__Exercise input__.
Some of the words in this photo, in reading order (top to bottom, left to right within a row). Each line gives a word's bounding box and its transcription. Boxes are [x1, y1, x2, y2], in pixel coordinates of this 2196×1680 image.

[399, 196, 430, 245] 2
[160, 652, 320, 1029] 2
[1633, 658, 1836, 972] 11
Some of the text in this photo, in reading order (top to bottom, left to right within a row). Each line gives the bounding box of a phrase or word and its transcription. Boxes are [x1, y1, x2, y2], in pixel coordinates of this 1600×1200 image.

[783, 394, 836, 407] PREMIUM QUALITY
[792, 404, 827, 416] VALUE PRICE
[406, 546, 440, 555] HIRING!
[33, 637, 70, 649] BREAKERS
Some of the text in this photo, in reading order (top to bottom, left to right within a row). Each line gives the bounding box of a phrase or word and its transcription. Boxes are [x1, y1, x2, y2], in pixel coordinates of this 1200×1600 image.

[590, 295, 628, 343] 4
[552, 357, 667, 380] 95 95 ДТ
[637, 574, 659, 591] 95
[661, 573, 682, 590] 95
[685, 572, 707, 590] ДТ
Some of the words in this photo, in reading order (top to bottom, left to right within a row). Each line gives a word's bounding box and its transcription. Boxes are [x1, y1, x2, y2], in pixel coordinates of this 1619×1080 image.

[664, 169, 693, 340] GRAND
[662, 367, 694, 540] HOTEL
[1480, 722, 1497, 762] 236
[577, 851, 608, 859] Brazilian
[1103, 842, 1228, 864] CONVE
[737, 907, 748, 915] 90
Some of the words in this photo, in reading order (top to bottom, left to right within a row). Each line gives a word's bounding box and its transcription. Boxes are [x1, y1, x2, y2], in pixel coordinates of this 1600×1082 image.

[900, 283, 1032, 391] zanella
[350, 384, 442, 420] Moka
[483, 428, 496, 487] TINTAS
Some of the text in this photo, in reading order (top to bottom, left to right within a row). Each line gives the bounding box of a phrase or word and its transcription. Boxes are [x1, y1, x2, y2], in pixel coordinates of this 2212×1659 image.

__Task prompt__.
Repeat only the lines running from the line that contains "this 1200×1600 image." through the last line above, inclusive.

__Response to this task__.
Some of the text in this photo, in reading order (top to bottom, left to right within a row). Each line gives the bounding box of a phrase or word and its transcription. Boxes are [x1, y1, x2, y2], in pixel coordinates of this 1200×1600 image.

[590, 295, 628, 343] 4
[552, 357, 667, 380] 95 95 ДТ
[637, 574, 659, 591] 95
[661, 573, 682, 590] 95
[685, 572, 707, 590] ДТ
Some of the words in this photo, in reading order (top to bottom, left to right within a row). Each line gives a word's bounding box and its transcription. Boxes are [x1, y1, x2, y2], in pixel coordinates of this 1619×1080 image.

[664, 169, 693, 340] GRAND
[662, 367, 694, 540] HOTEL
[1480, 722, 1497, 762] 236
[577, 851, 608, 859] Brazilian
[1103, 842, 1228, 864] CONVE
[737, 907, 748, 915] 90
Some of the words in this photo, in reading order (top to bottom, left to right within a row). Each line gives a word's bounding box and its transcription. Boxes are [x1, y1, x2, y2], in pixel coordinates of this 1600×1082 image.

[900, 283, 1032, 391] zanella
[350, 384, 442, 420] Moka
[483, 428, 496, 487] TINTAS
Some of the text in this photo, in reading order (top to bottom, left to right within a row). Each line gives the bounding box of a phrase or word and its transcription. Boxes are [x1, y1, x2, y2], in pixel coordinates of this 2212×1659 image.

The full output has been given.